- _Assigned task_:
Produce a verbatim transcription of the entries, with all pictures omitted.

(Stored dataset items)
+---+

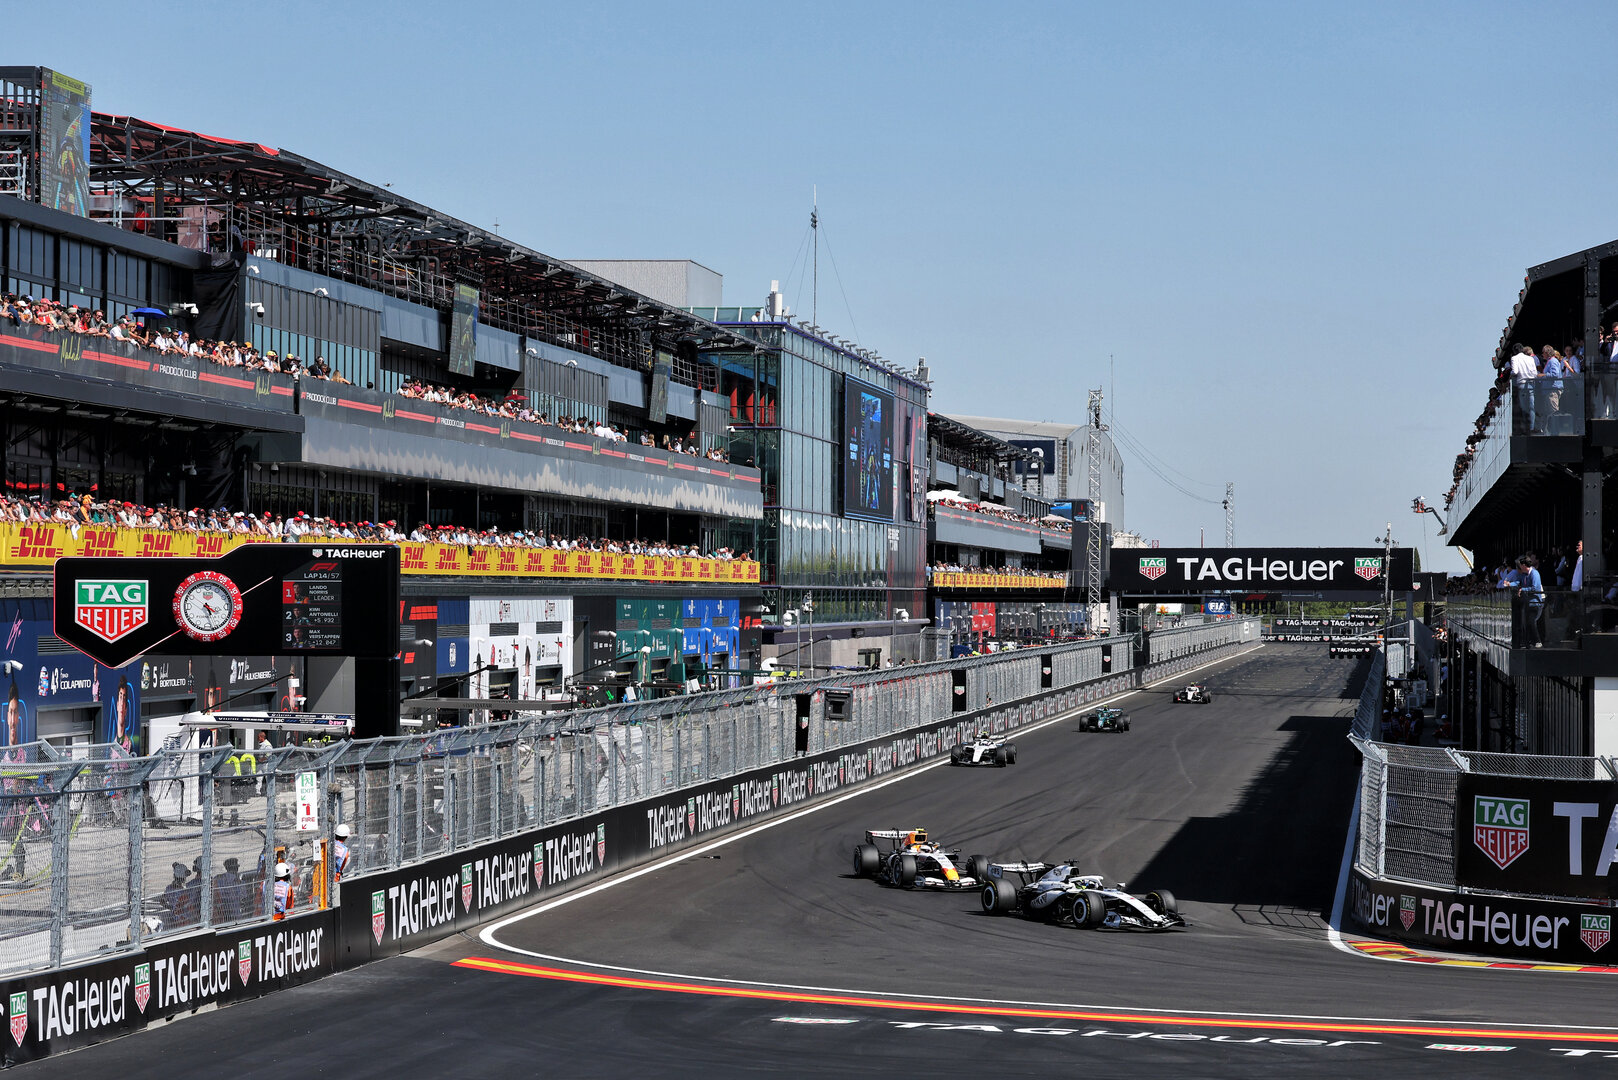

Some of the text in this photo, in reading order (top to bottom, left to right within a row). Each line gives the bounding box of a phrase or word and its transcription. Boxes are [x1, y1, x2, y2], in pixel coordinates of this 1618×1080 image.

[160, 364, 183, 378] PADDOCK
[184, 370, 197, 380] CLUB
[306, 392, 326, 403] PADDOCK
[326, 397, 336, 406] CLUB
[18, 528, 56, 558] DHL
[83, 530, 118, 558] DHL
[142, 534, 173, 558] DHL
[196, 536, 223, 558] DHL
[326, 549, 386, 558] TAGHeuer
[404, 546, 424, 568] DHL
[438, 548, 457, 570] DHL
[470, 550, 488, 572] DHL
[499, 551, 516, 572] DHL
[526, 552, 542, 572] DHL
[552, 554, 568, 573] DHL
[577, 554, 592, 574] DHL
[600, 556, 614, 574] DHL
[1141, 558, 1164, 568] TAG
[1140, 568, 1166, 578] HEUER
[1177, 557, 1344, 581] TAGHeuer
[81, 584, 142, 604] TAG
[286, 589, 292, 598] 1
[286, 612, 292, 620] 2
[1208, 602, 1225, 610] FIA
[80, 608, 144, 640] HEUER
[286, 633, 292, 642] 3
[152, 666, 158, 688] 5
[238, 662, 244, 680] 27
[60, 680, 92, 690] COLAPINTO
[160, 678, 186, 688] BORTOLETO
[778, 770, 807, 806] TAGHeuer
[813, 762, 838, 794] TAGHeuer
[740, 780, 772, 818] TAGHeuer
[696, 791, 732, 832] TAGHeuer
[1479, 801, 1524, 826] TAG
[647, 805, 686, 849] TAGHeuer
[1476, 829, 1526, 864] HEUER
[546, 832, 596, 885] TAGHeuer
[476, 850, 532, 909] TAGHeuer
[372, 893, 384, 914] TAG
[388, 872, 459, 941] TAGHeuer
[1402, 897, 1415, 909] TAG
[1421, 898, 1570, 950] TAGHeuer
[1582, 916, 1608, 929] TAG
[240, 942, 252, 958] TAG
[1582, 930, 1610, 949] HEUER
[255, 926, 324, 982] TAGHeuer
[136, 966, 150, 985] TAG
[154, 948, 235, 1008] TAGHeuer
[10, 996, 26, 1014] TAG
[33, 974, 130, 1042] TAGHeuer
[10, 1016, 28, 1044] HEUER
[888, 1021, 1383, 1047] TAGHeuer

+---+

- _Solution_:
Some of the text in this photo, in reading order (top to bottom, left to right within a row). Each line gives the bounding box of a phrase or word and its transcription. Boxes are [x1, y1, x2, y2], in pixel coordinates of this 1618×1080 image.

[160, 364, 183, 378] PADDOCK
[184, 370, 197, 380] CLUB
[306, 392, 326, 403] PADDOCK
[326, 397, 336, 406] CLUB
[18, 528, 56, 558] DHL
[83, 530, 118, 558] DHL
[142, 534, 173, 558] DHL
[196, 536, 223, 558] DHL
[326, 549, 386, 558] TAGHeuer
[404, 546, 424, 568] DHL
[438, 548, 457, 570] DHL
[470, 550, 488, 572] DHL
[499, 551, 516, 572] DHL
[526, 552, 542, 572] DHL
[552, 554, 568, 573] DHL
[577, 554, 592, 574] DHL
[600, 556, 614, 574] DHL
[1141, 558, 1164, 568] TAG
[1140, 568, 1166, 578] HEUER
[1177, 557, 1344, 581] TAGHeuer
[81, 584, 142, 604] TAG
[286, 589, 292, 598] 1
[286, 612, 292, 620] 2
[1208, 602, 1225, 610] FIA
[80, 608, 144, 640] HEUER
[286, 633, 292, 642] 3
[152, 666, 158, 688] 5
[238, 662, 244, 680] 27
[60, 680, 92, 690] COLAPINTO
[160, 678, 186, 688] BORTOLETO
[778, 770, 807, 806] TAGHeuer
[813, 762, 838, 794] TAGHeuer
[740, 780, 772, 818] TAGHeuer
[696, 791, 732, 832] TAGHeuer
[1479, 801, 1524, 826] TAG
[647, 805, 686, 849] TAGHeuer
[1476, 829, 1526, 864] HEUER
[546, 832, 596, 885] TAGHeuer
[476, 850, 532, 909] TAGHeuer
[372, 893, 384, 914] TAG
[388, 872, 459, 941] TAGHeuer
[1402, 897, 1415, 909] TAG
[1421, 898, 1570, 950] TAGHeuer
[1582, 916, 1608, 929] TAG
[240, 942, 252, 958] TAG
[1582, 930, 1610, 949] HEUER
[255, 926, 324, 982] TAGHeuer
[136, 966, 150, 985] TAG
[154, 948, 235, 1008] TAGHeuer
[10, 996, 26, 1014] TAG
[33, 974, 130, 1042] TAGHeuer
[10, 1016, 28, 1044] HEUER
[888, 1021, 1383, 1047] TAGHeuer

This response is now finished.